Task description:
Any picture in the records below stays out; return everything else exactly.

[[ Data provided, beginning ]]

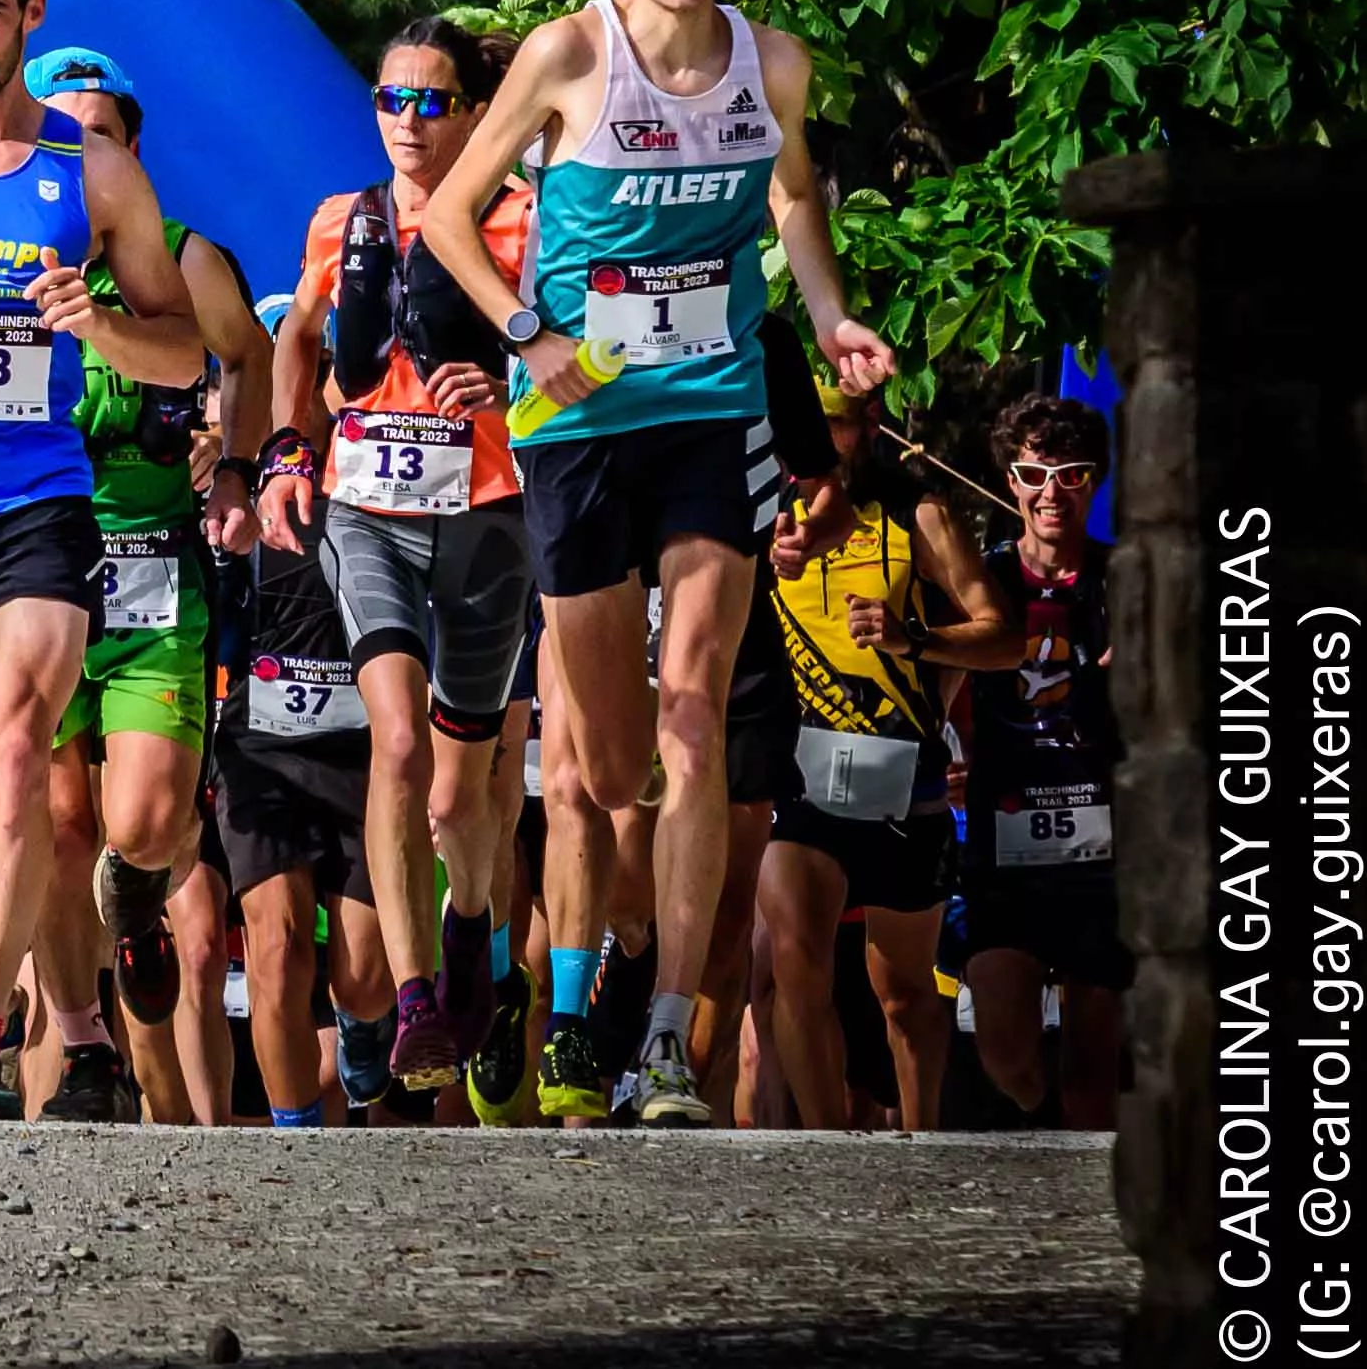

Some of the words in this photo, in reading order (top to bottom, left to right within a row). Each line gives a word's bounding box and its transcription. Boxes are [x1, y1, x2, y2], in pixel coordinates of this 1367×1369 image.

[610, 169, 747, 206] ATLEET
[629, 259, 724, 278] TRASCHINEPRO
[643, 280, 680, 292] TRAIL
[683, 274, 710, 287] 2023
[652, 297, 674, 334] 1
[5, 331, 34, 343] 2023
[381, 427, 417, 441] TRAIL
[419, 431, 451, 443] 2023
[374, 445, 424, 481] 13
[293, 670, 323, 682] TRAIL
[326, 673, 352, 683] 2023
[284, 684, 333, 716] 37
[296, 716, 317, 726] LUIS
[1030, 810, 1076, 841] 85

[[ Data provided, end ]]

Task output:
Some of the words in this photo, in reading order (top to bottom, left to right within a row). Each line gives a word's bounding box and its transcription. Boxes are [x1, y1, x2, y2], in pixel coordinates of this 1367×1369 image.

[610, 169, 747, 206] ATLEET
[629, 259, 724, 278] TRASCHINEPRO
[643, 280, 680, 292] TRAIL
[683, 274, 710, 287] 2023
[652, 297, 674, 334] 1
[5, 331, 34, 343] 2023
[381, 427, 417, 441] TRAIL
[419, 431, 451, 443] 2023
[374, 445, 424, 481] 13
[293, 670, 323, 682] TRAIL
[326, 673, 352, 683] 2023
[284, 684, 333, 716] 37
[296, 716, 317, 726] LUIS
[1030, 810, 1076, 841] 85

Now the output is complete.